== Task objective ==
From the records below, extract all the text exactly and leave the images behind.

== Exercise data ==

Segment Open

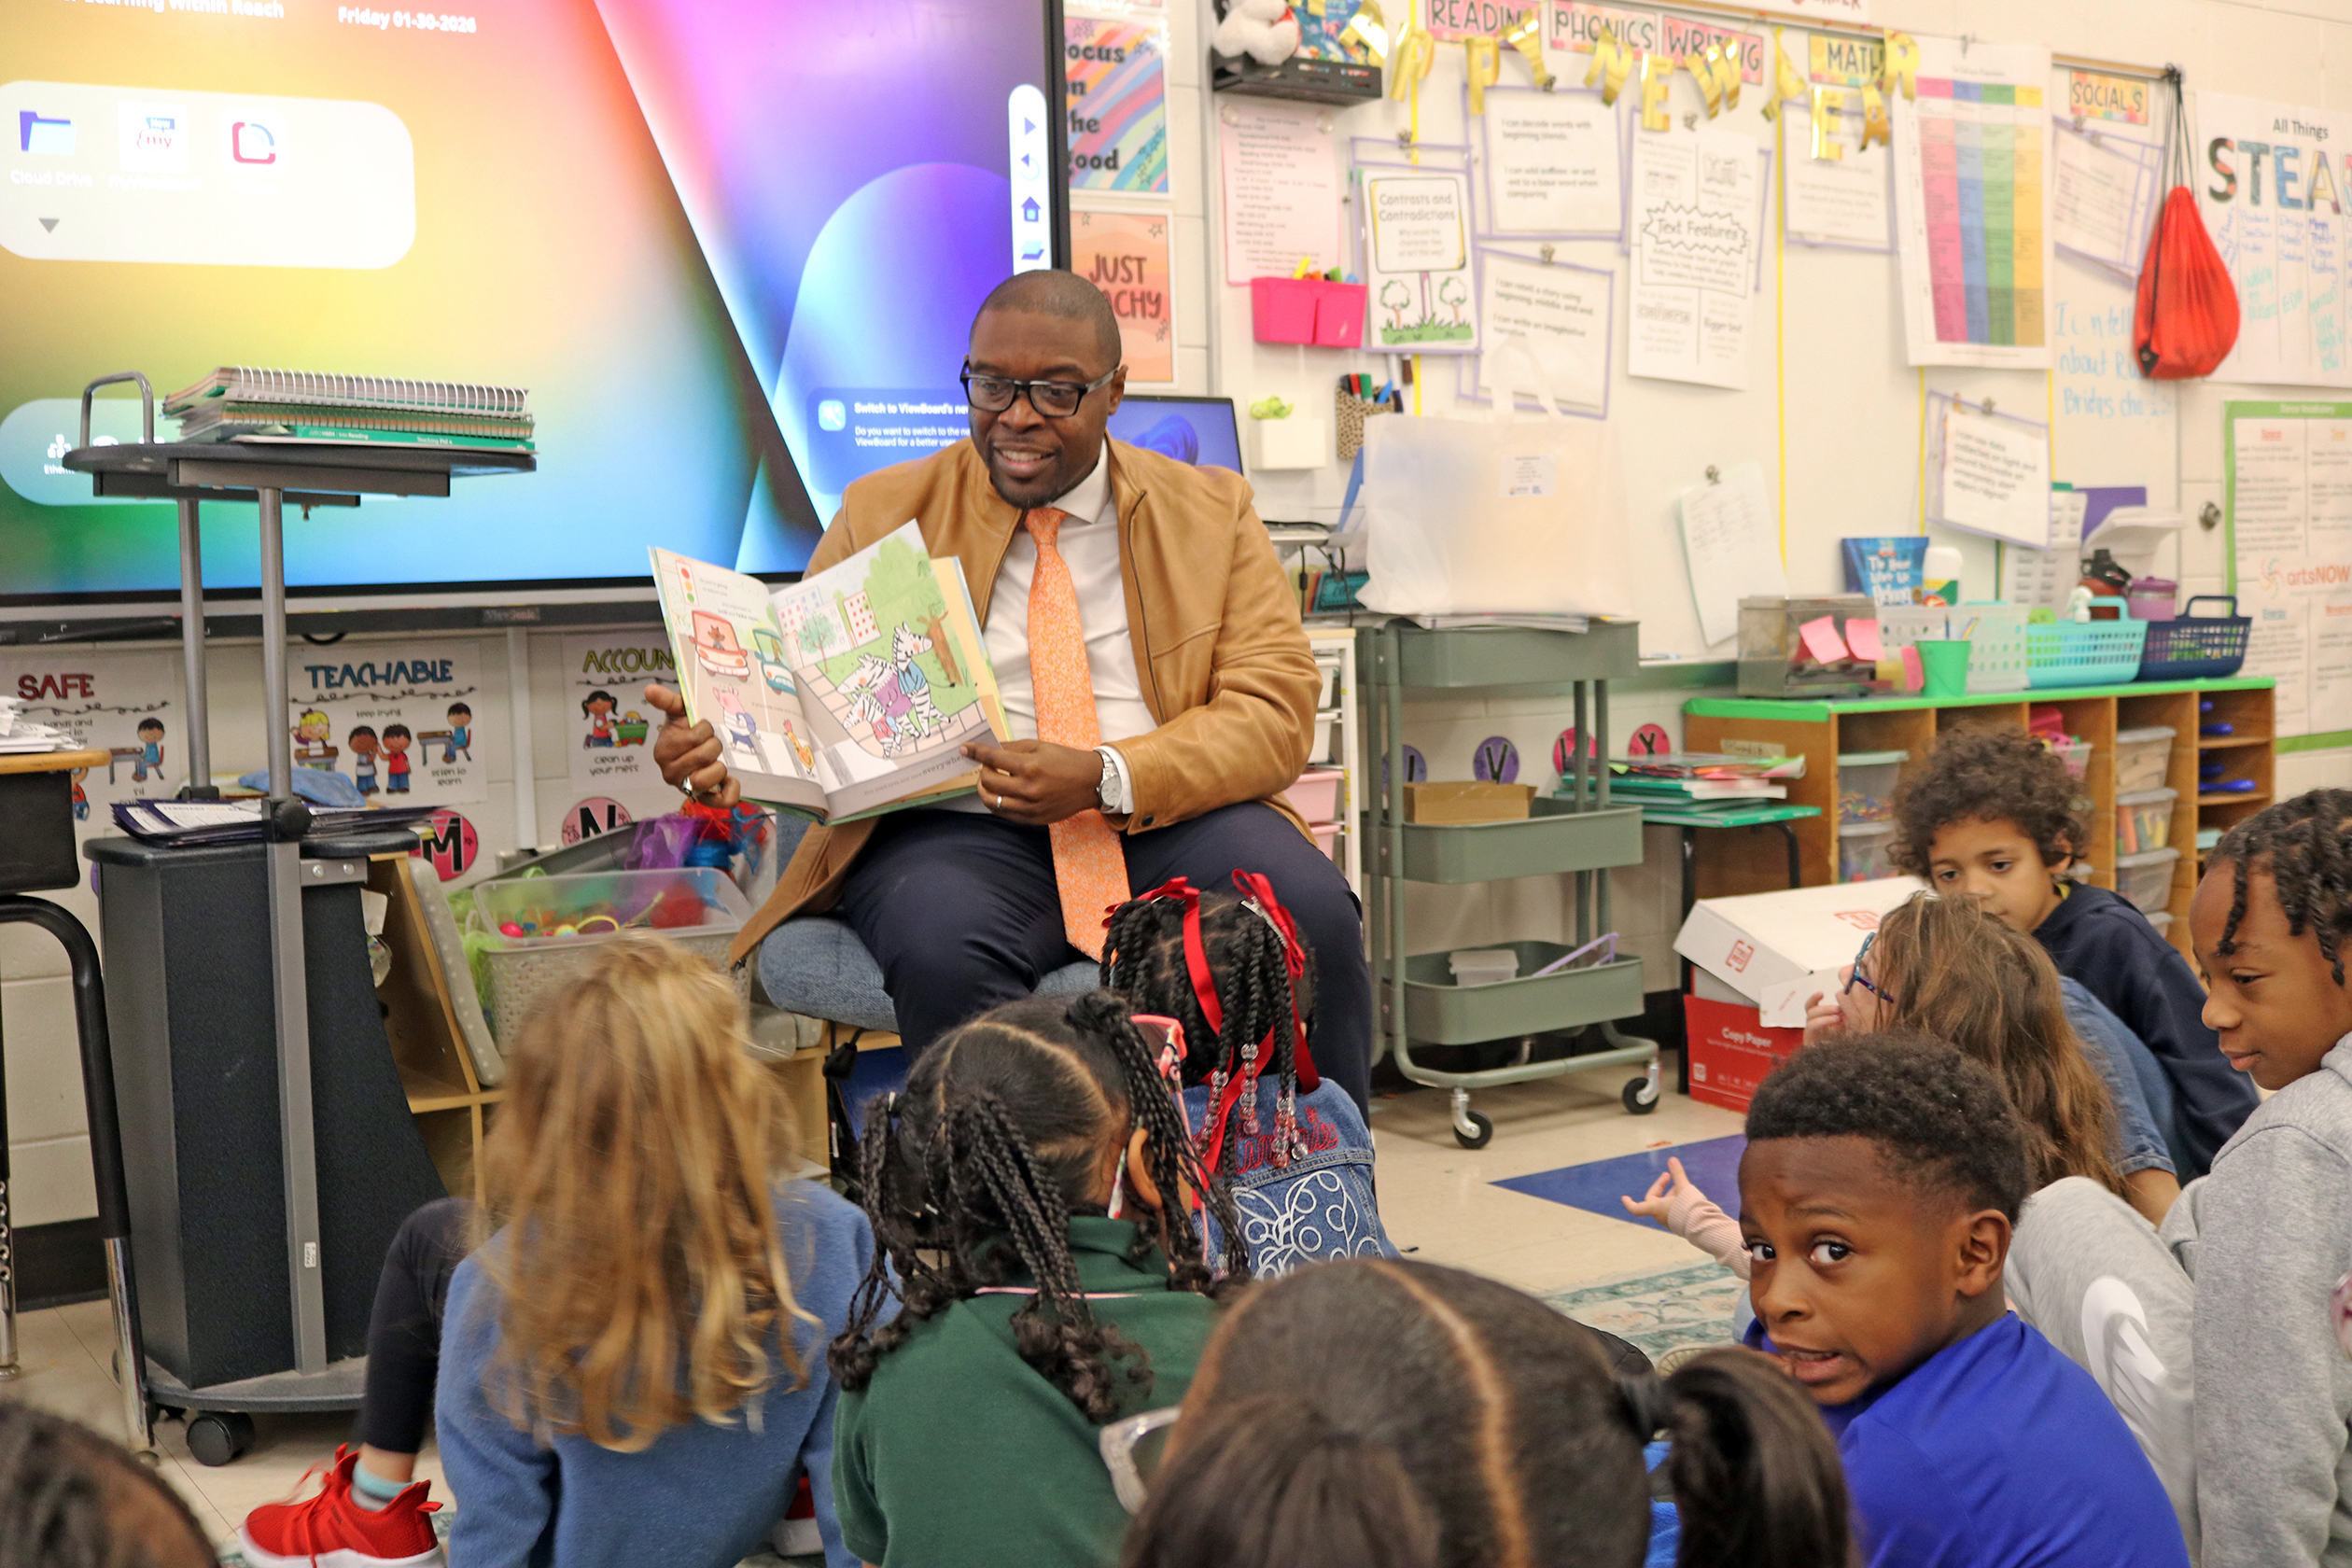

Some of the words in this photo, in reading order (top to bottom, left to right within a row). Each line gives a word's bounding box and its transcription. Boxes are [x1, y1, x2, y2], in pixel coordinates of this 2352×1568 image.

[231, 0, 285, 19] Reach
[338, 6, 390, 31] Friday
[392, 10, 477, 34] 01-30-2026
[1065, 42, 1126, 63] ocus
[2071, 78, 2145, 113] SOCIALS
[1575, 120, 1592, 129] with
[2273, 118, 2289, 133] All
[2291, 120, 2329, 141] Things
[1502, 132, 1540, 141] beginning
[9, 169, 52, 185] Cloud
[55, 171, 93, 187] Drive
[1379, 193, 1430, 205] Contrasts
[1432, 193, 1452, 204] and
[1379, 209, 1456, 222] Contradictions
[1657, 217, 1683, 235] Text
[1687, 219, 1739, 241] Features
[1088, 254, 1147, 283] JUST
[853, 401, 887, 414] Switch
[887, 403, 898, 414] to
[898, 402, 953, 415] ViewBoard's
[348, 432, 369, 441] Reading
[854, 427, 866, 437] Do
[867, 427, 882, 438] you
[883, 427, 902, 437] want
[903, 427, 912, 437] to
[912, 427, 937, 437] switch
[938, 427, 946, 437] to
[946, 427, 959, 437] the
[960, 428, 971, 437] ne
[855, 437, 897, 447] ViewBoard
[898, 437, 909, 447] for
[916, 437, 939, 447] better
[2287, 565, 2351, 587] artsNOW
[304, 658, 453, 689] TEACHABLE
[18, 673, 94, 701] SAFE
[594, 754, 621, 764] clean
[622, 754, 635, 764] up
[1485, 743, 1509, 784] V
[589, 766, 613, 777] your
[615, 763, 639, 774] mess
[420, 817, 463, 872] M
[1721, 1027, 1745, 1045] Copy
[1745, 1031, 1772, 1048] Paper
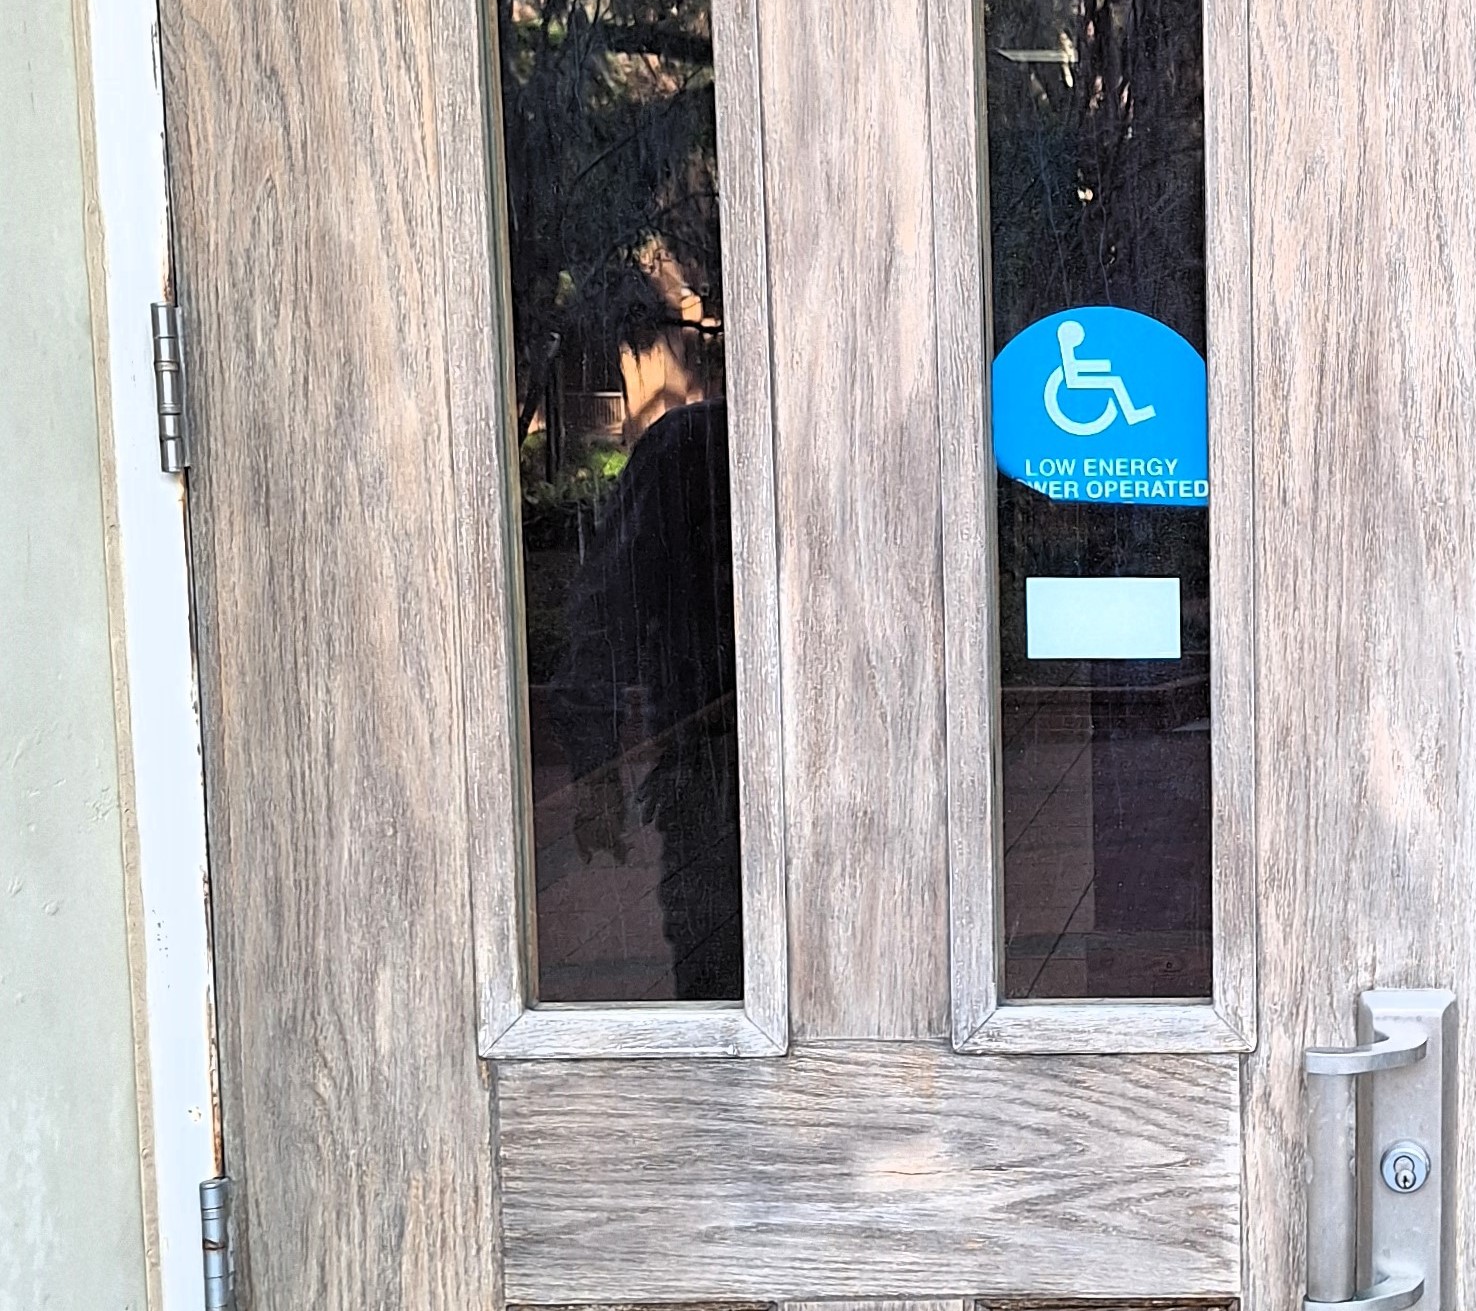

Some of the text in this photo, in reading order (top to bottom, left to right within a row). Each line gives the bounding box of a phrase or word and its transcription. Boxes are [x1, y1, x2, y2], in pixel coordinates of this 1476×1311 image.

[1025, 457, 1179, 477] LOW ENERGY
[1086, 479, 1209, 499] OPERATED
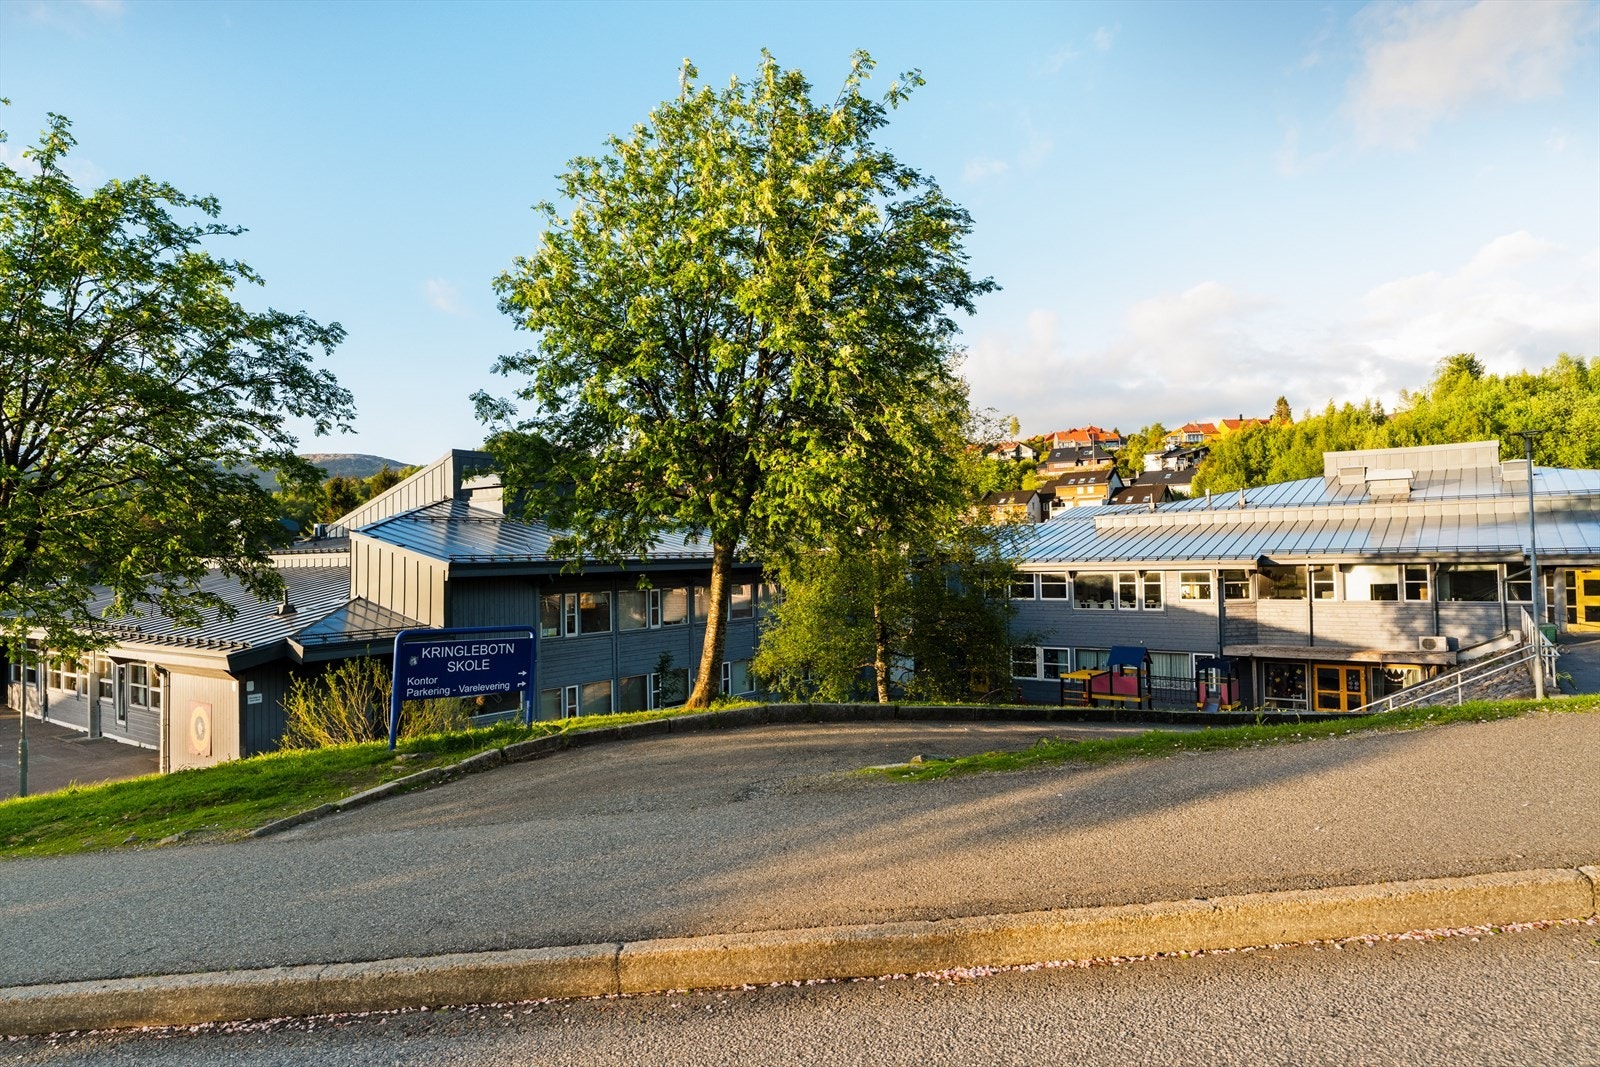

Segment Closed

== Result of the task ==
Some of the words in this photo, in reading order (top to bottom, left to right within a row). Each line gives a word's bounding box and its transcription. Boxes are [x1, y1, x2, y2], in pixel coordinates of this 2352×1568 image.

[231, 0, 285, 19] Reach
[338, 6, 390, 31] Friday
[392, 10, 477, 34] 01-30-2026
[1065, 42, 1126, 63] ocus
[2071, 78, 2145, 113] SOCIALS
[1575, 120, 1592, 129] with
[2273, 118, 2289, 133] All
[2291, 120, 2329, 141] Things
[1502, 132, 1540, 141] beginning
[9, 169, 52, 185] Cloud
[55, 171, 93, 187] Drive
[1379, 193, 1430, 205] Contrasts
[1432, 193, 1452, 204] and
[1379, 209, 1456, 222] Contradictions
[1657, 217, 1683, 235] Text
[1687, 219, 1739, 241] Features
[1088, 254, 1147, 283] JUST
[853, 401, 887, 414] Switch
[887, 403, 898, 414] to
[898, 402, 953, 415] ViewBoard's
[348, 432, 369, 441] Reading
[854, 427, 866, 437] Do
[867, 427, 882, 438] you
[883, 427, 902, 437] want
[903, 427, 912, 437] to
[912, 427, 937, 437] switch
[938, 427, 946, 437] to
[946, 427, 959, 437] the
[960, 428, 971, 437] ne
[855, 437, 897, 447] ViewBoard
[898, 437, 909, 447] for
[916, 437, 939, 447] better
[2287, 565, 2351, 587] artsNOW
[304, 658, 453, 689] TEACHABLE
[18, 673, 94, 701] SAFE
[594, 754, 621, 764] clean
[622, 754, 635, 764] up
[1485, 743, 1509, 784] V
[589, 766, 613, 777] your
[615, 763, 639, 774] mess
[420, 817, 463, 872] M
[1721, 1027, 1745, 1045] Copy
[1745, 1031, 1772, 1048] Paper

Some of the text in this photo, in reading order (top to bottom, left to right within a row). Each line gives the bounding box of a phrase or word and its transcription. Boxes are [x1, y1, x2, y2], in pixel coordinates of this 1476×1311 image.

[1025, 457, 1179, 477] LOW ENERGY
[1086, 479, 1209, 499] OPERATED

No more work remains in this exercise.